Ever since the mid-20th century, antibiotics have helped us fight bacterial infections. However, misuse and overuse of these “miracle drugs” have led to the rise of super-resistant pathogens that threaten our way of life — literally.
Two of the worst superbugs are E. coli (found in fecal matter and, yuck, sometimes in food) and methicillin-resistant Staphylococcus aureus (MRSA), which spreads in hospitals and causes stubborn skin infections.
In 2013, two scientists at Arizona State University’s Biodesign Institute showed that clay may hold the key to killing these highly contagious bugs, which are increasingly difficult to kill with standard antibiotics and antibacterial products.
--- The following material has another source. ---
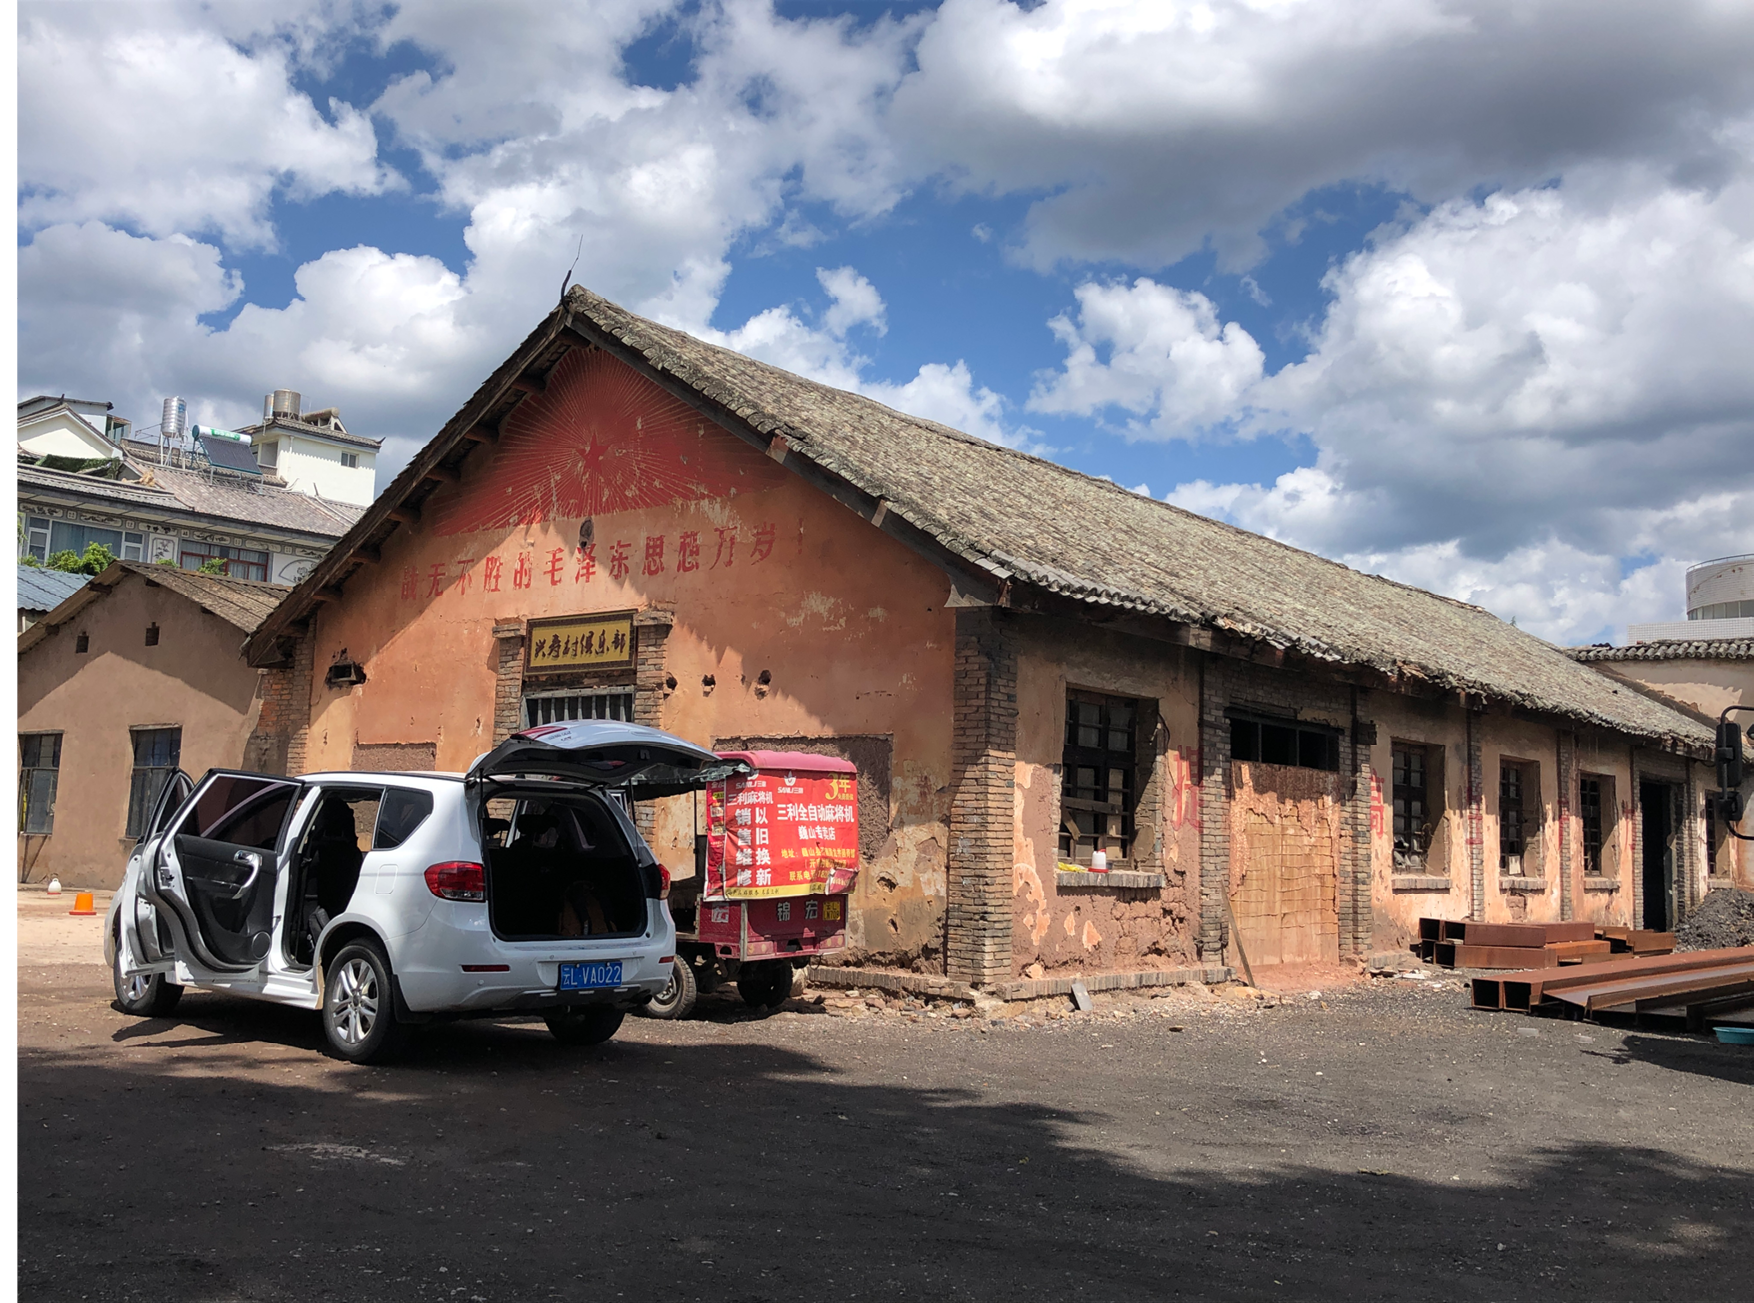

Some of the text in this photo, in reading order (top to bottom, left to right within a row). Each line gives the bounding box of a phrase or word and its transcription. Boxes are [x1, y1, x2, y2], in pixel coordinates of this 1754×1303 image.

Five metal ions found in some forms of clay — iron, copper, cobalt, nickel, and zinc — fight both types of bacteria. How? Minerals can have antibacterial properties; silver threads in gym clothes reduce odor-causing bacteria, and studies show that copper kills more than 99 percent of some drug-resistant bacteria. Scientists think copper keeps bacteria from breathing, and it may destroy their DNA.
So do the mineral ions in clay kill the bacteria? Yes, but it’s also about how the metal ions work together, as well as the clay’s pH, ion solubility, osmotic strength, and temperature.